:: INFORMATION ::
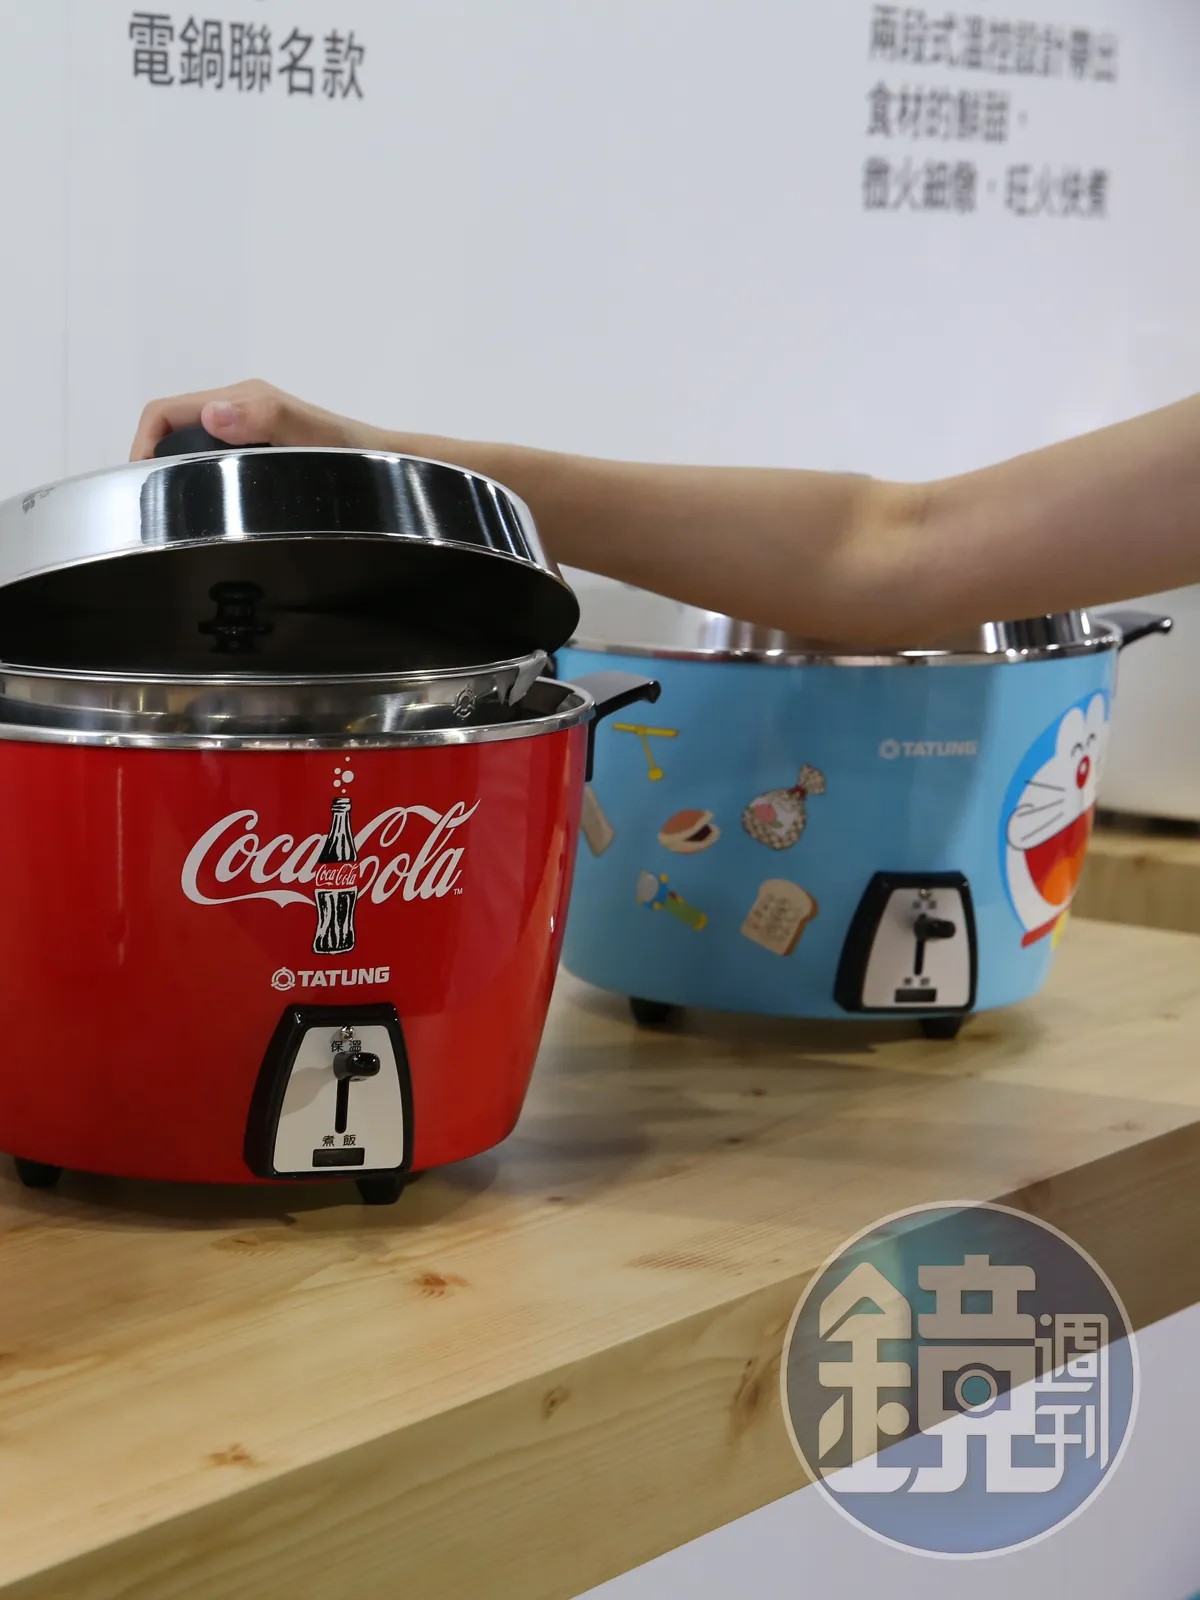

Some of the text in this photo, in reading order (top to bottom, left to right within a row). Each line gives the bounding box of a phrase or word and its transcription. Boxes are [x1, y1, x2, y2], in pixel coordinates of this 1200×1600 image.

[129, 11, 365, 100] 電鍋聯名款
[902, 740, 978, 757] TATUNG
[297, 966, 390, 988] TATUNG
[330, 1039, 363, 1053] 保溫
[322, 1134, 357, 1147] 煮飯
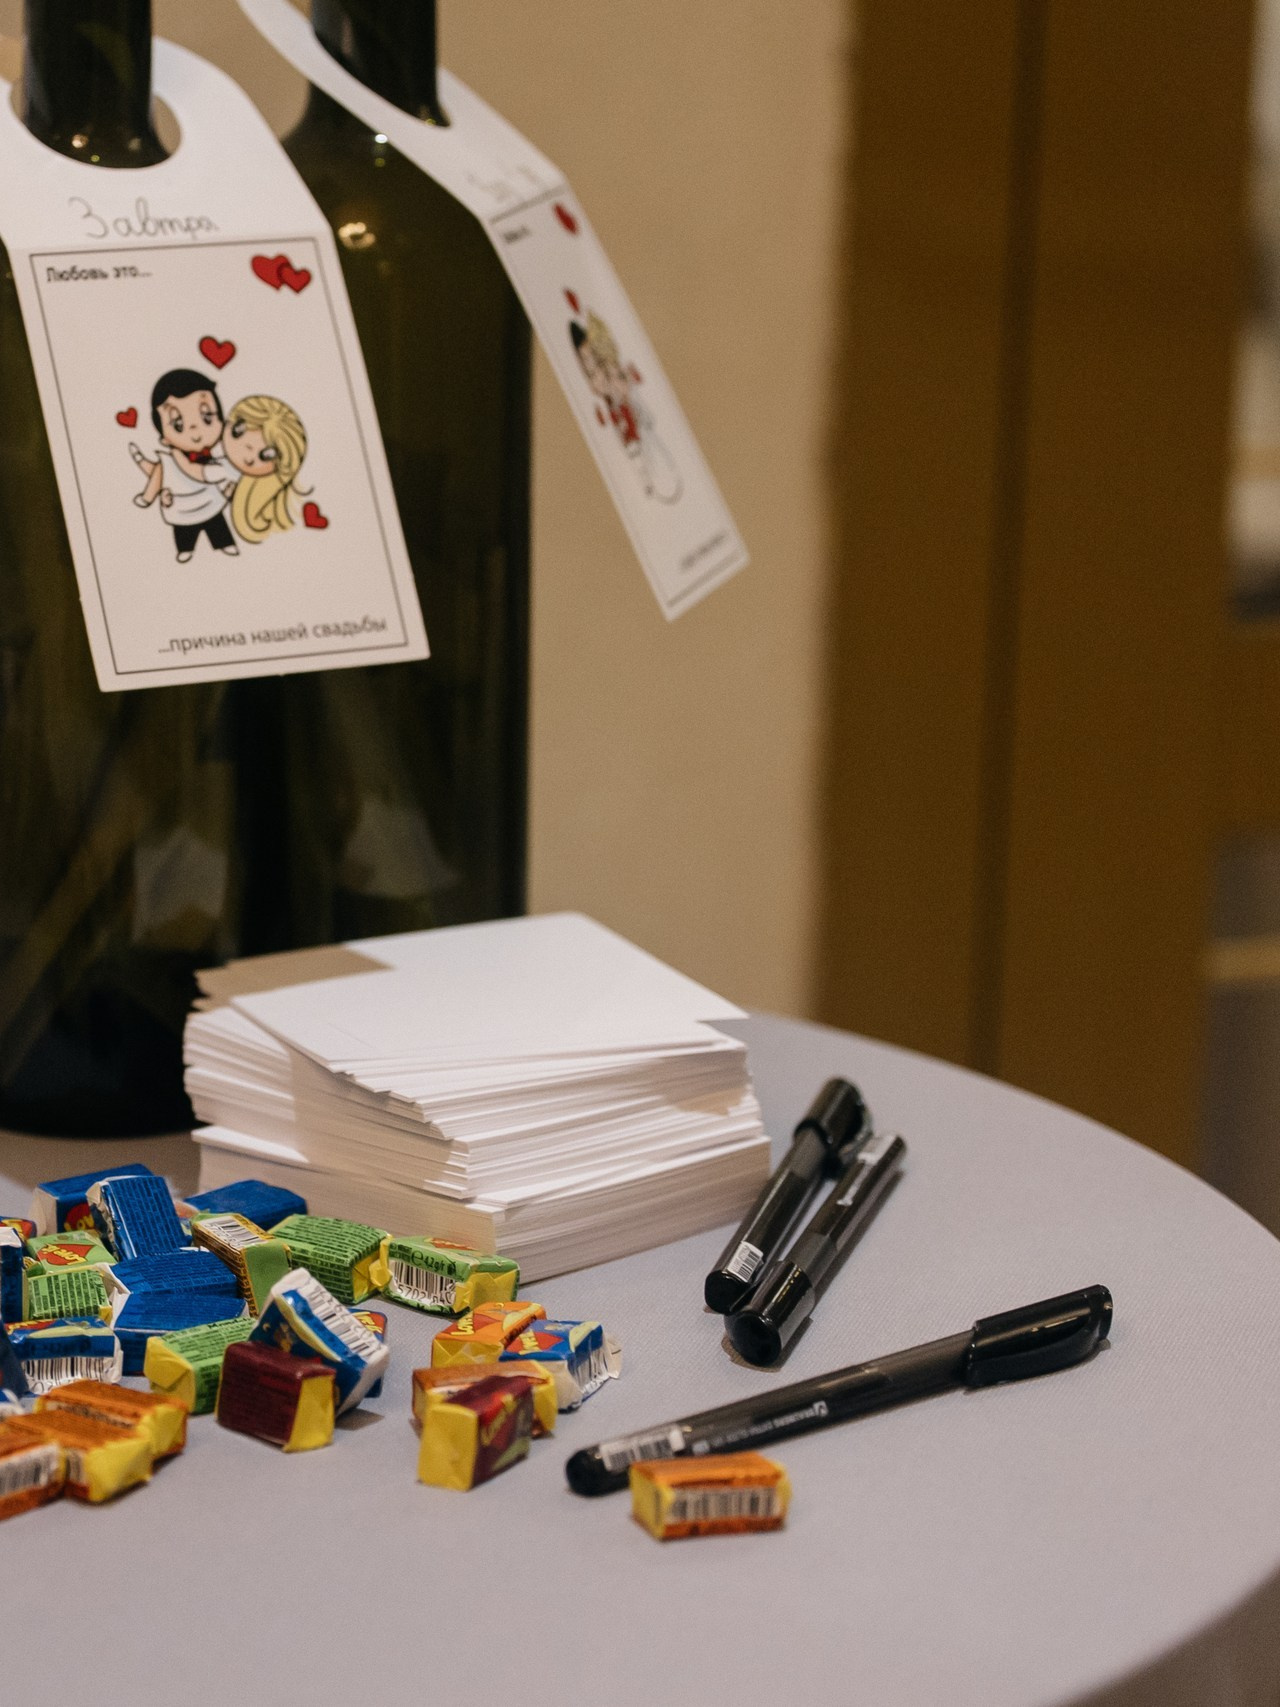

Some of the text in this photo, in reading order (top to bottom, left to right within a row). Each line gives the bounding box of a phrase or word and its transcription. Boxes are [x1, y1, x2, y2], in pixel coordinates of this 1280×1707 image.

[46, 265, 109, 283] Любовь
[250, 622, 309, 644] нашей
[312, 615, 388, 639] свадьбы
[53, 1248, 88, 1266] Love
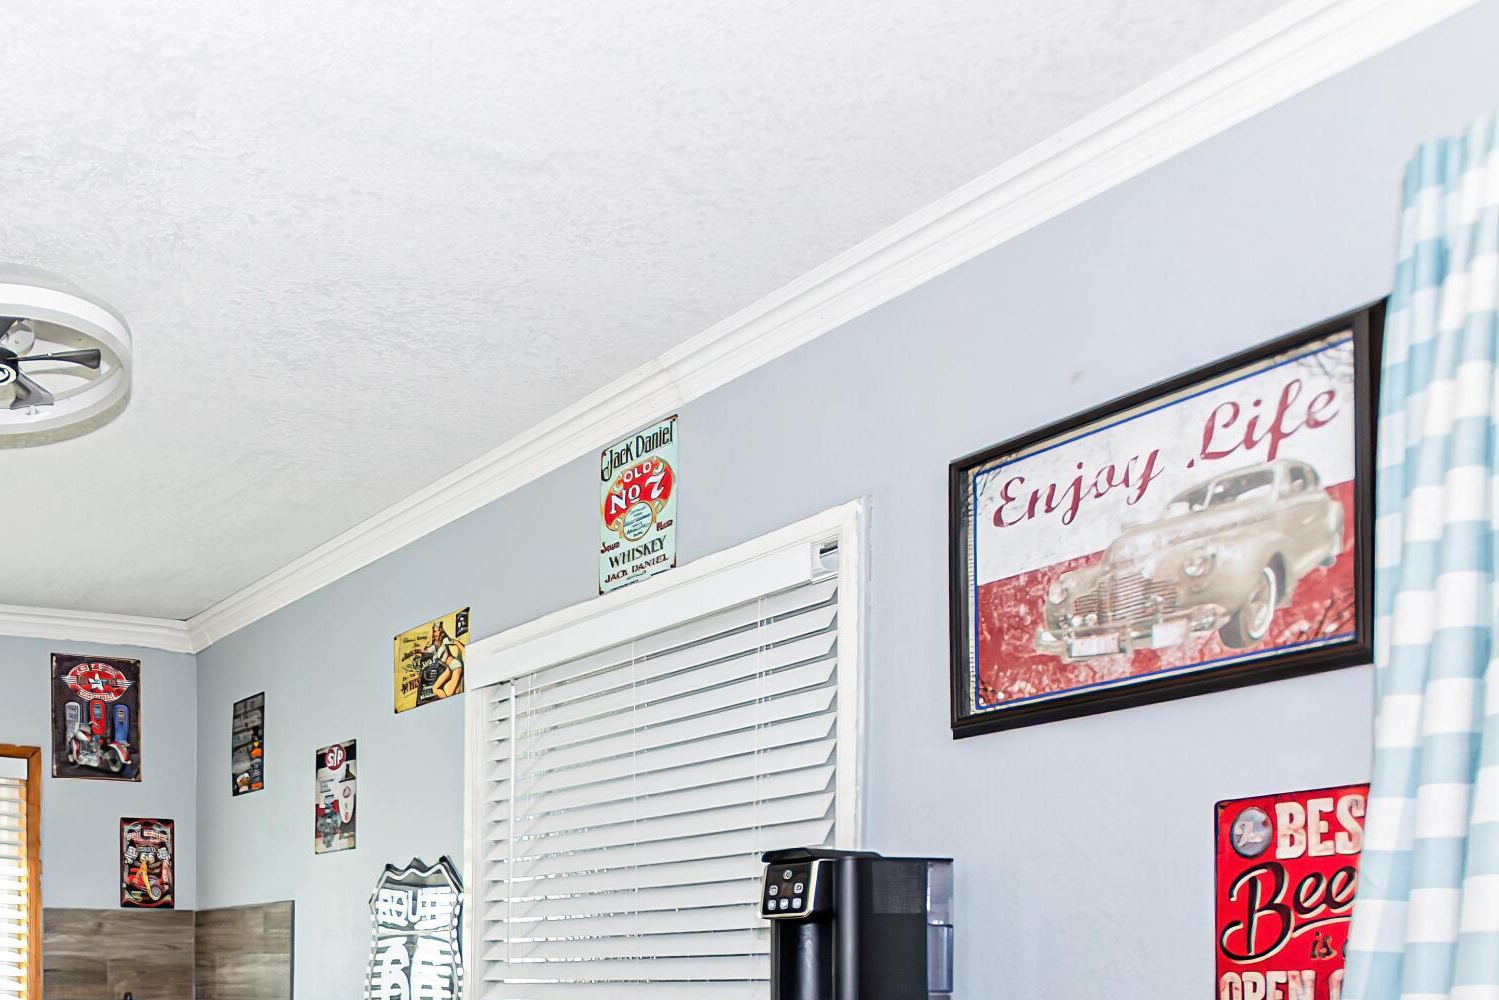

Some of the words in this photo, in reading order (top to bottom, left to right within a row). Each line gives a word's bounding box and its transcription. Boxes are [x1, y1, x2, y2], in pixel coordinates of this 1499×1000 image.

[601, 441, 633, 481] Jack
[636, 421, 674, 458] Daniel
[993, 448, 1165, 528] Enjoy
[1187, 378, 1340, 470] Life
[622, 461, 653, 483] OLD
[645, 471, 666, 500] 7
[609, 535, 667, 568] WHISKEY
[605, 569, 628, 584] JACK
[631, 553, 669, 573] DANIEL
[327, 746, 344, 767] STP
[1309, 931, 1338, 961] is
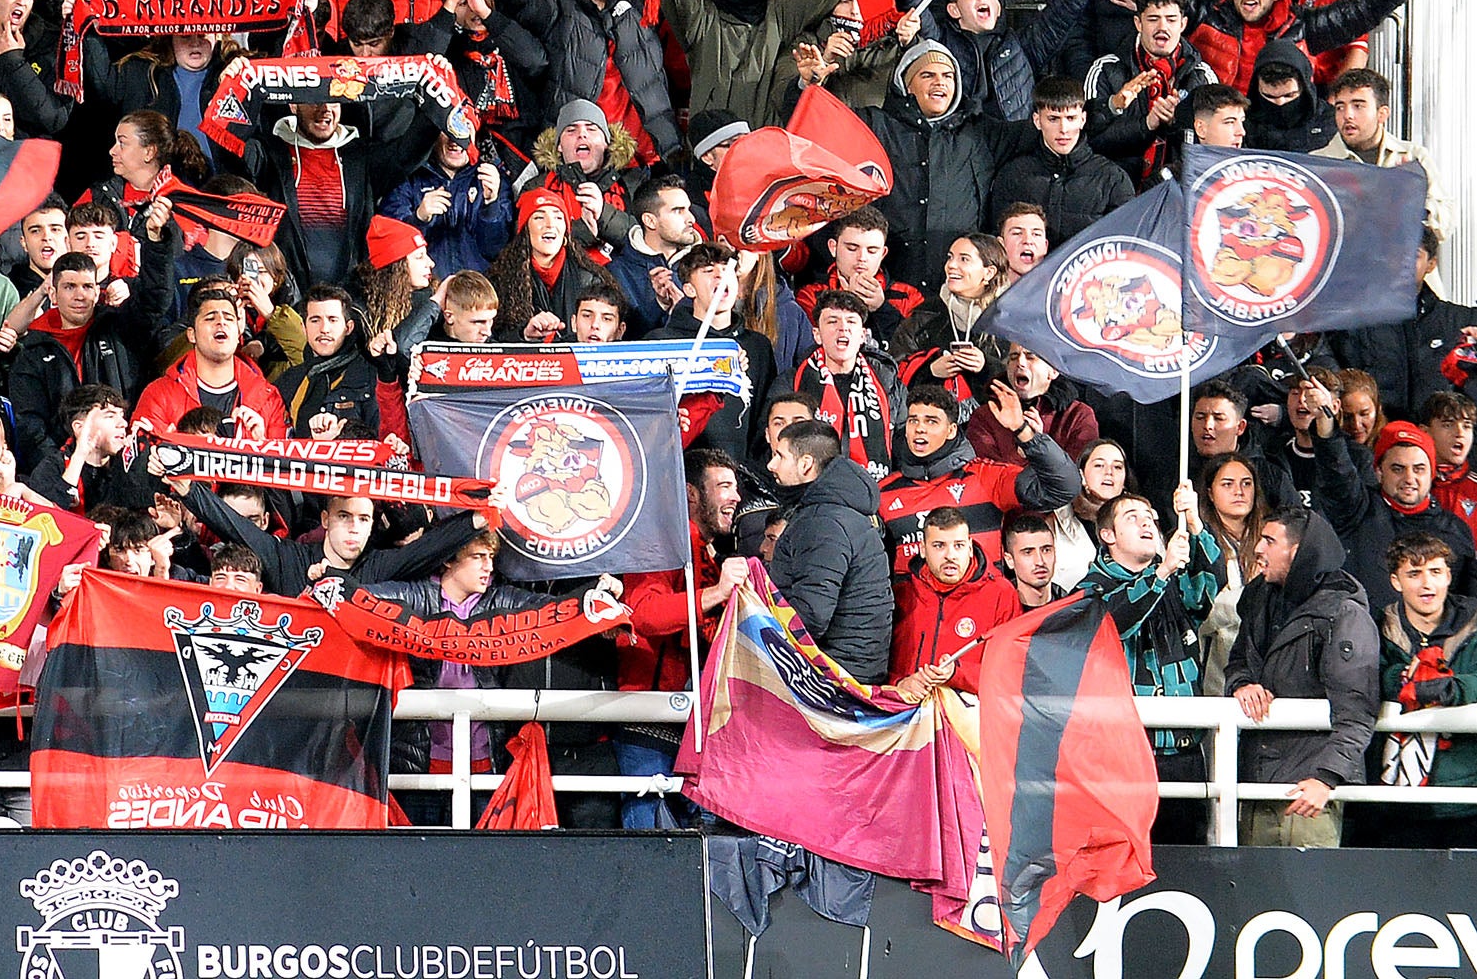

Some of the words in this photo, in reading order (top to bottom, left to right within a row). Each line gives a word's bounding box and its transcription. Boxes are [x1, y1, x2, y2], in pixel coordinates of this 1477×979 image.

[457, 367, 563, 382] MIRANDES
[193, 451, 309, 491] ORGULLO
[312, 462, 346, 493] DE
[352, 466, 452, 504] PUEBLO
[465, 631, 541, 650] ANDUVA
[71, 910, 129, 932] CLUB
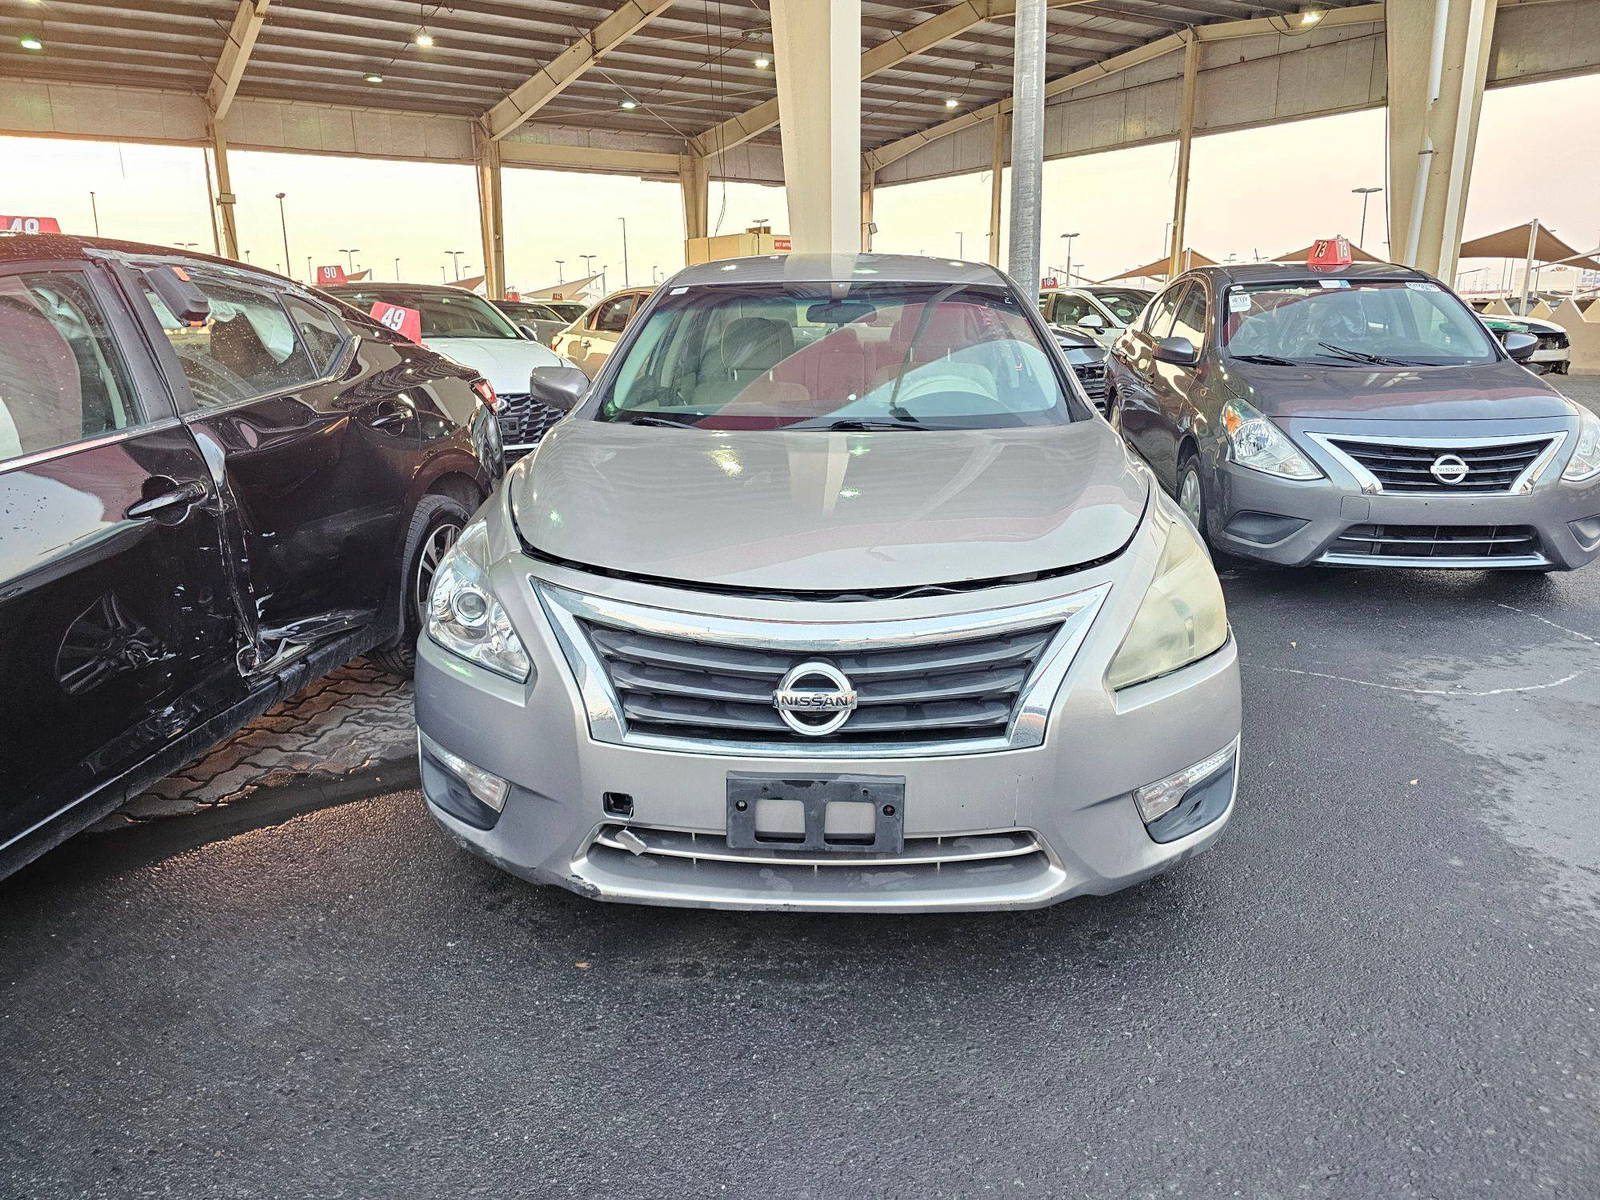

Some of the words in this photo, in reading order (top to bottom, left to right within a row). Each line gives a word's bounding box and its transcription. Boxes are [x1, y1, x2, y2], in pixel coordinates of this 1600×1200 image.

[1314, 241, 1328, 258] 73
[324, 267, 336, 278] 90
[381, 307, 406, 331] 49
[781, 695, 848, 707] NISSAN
:::
# TASK:
Output all the records above again exactly, with the pictures dropped.

# REPLY:
Some of the text in this photo, in reading order (top to bottom, left to right within a row). Each line gives the bounding box of a phrase or word and its transcription. Boxes are [x1, y1, x2, y2], in pixel coordinates of this 1200×1600 image.

[129, 11, 365, 100] 電鍋聯名款
[902, 740, 978, 757] TATUNG
[297, 966, 390, 988] TATUNG
[330, 1039, 363, 1053] 保溫
[322, 1134, 357, 1147] 煮飯

Some of the text in this photo, in reading order (top to bottom, left to right within a row). Each line gives the bounding box of a phrase or word and its transcription. Boxes are [x1, y1, x2, y2], in pixel coordinates of this 1280×1707 image.

[46, 265, 109, 283] Любовь
[250, 622, 309, 644] нашей
[312, 615, 388, 639] свадьбы
[53, 1248, 88, 1266] Love

Some of the words in this photo, in reading order (top to bottom, left to right within a row). Each line gives a word's bounding box and its transcription. Boxes are [x1, y1, x2, y2], in pixel coordinates of this 1499×1000 image.

[601, 441, 633, 481] Jack
[636, 421, 674, 458] Daniel
[993, 448, 1165, 528] Enjoy
[1187, 378, 1340, 470] Life
[622, 461, 653, 483] OLD
[645, 471, 666, 500] 7
[609, 535, 667, 568] WHISKEY
[605, 569, 628, 584] JACK
[631, 553, 669, 573] DANIEL
[327, 746, 344, 767] STP
[1309, 931, 1338, 961] is

Some of the words in this photo, in reading order (top to bottom, left to right within a row). Each line gives a word's bounding box and its transcription. Boxes are [x1, y1, x2, y2], in pixel coordinates of this 1477×979 image.

[457, 367, 563, 382] MIRANDES
[193, 451, 309, 491] ORGULLO
[312, 462, 346, 493] DE
[352, 466, 452, 504] PUEBLO
[465, 631, 541, 650] ANDUVA
[71, 910, 129, 932] CLUB

Some of the words in this photo, in reading order (top to bottom, left to right within a row). Each line gives a word's bounding box and its transcription. Boxes are [x1, y1, x2, y2], in pixel coordinates of this 1600×1200 image.

[1314, 241, 1328, 258] 73
[324, 267, 336, 278] 90
[381, 307, 406, 331] 49
[781, 695, 848, 707] NISSAN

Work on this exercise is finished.